[Exercise aim] Exactly as they appear, transcribe the entries and skip any pictures.
+++
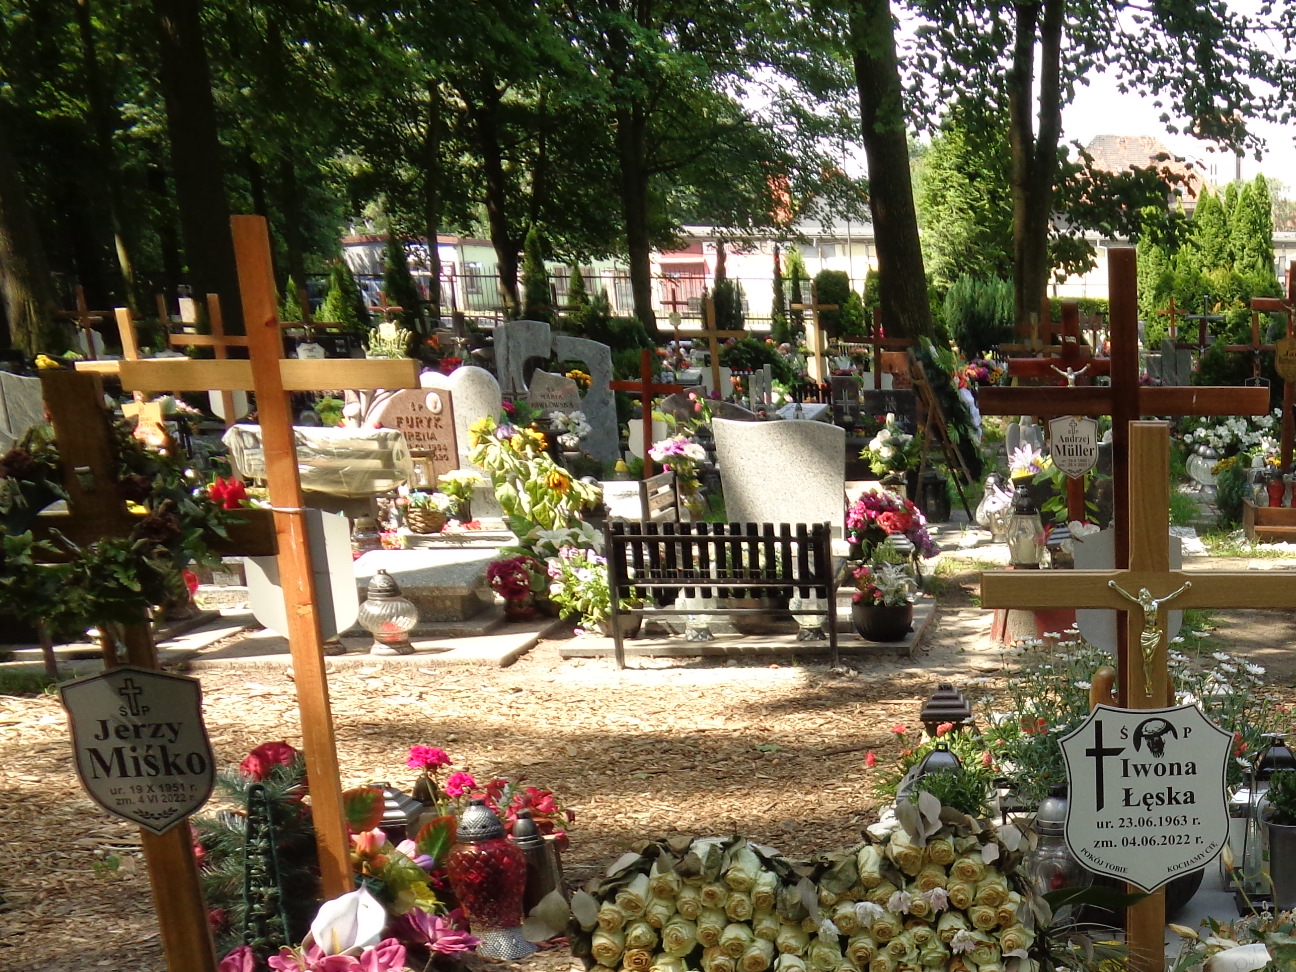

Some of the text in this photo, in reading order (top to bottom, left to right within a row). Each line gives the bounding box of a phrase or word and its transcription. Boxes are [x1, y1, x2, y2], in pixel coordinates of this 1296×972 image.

[1060, 434, 1090, 444] Andrzej
[1054, 444, 1094, 456] Müller
[94, 719, 183, 744] Jerzy
[1120, 725, 1192, 740] Ś P
[84, 744, 207, 780] Miśko
[1120, 758, 1197, 778] Iwona
[110, 786, 126, 796] ur.
[130, 784, 144, 794] 19
[146, 784, 155, 794] X
[158, 783, 186, 793] 1951
[116, 797, 136, 806] zm.
[138, 795, 145, 804] 4
[148, 794, 158, 804] VI
[161, 794, 186, 803] 2022
[1122, 786, 1196, 812] Łęska
[1096, 815, 1200, 829] ur. 23.06.1963 r.
[1093, 834, 1204, 848] zm. 04.06.2022 r.
[1080, 848, 1128, 874] POKÓJ TOBIE
[1166, 852, 1206, 873] KOCHAMY
+++
[Task output]
Some of the text in this photo, in reading order (top to bottom, left to right within a row). Each line gives the bounding box of a phrase or word and its transcription. Boxes are [x1, y1, x2, y2], in pixel coordinates of this 1296×972 image.

[1060, 434, 1090, 444] Andrzej
[1054, 444, 1094, 456] Müller
[94, 719, 183, 744] Jerzy
[1120, 725, 1192, 740] Ś P
[84, 744, 207, 780] Miśko
[1120, 758, 1197, 778] Iwona
[110, 786, 126, 796] ur.
[130, 784, 144, 794] 19
[146, 784, 155, 794] X
[158, 783, 186, 793] 1951
[116, 797, 136, 806] zm.
[138, 795, 145, 804] 4
[148, 794, 158, 804] VI
[161, 794, 186, 803] 2022
[1122, 786, 1196, 812] Łęska
[1096, 815, 1200, 829] ur. 23.06.1963 r.
[1093, 834, 1204, 848] zm. 04.06.2022 r.
[1080, 848, 1128, 874] POKÓJ TOBIE
[1166, 852, 1206, 873] KOCHAMY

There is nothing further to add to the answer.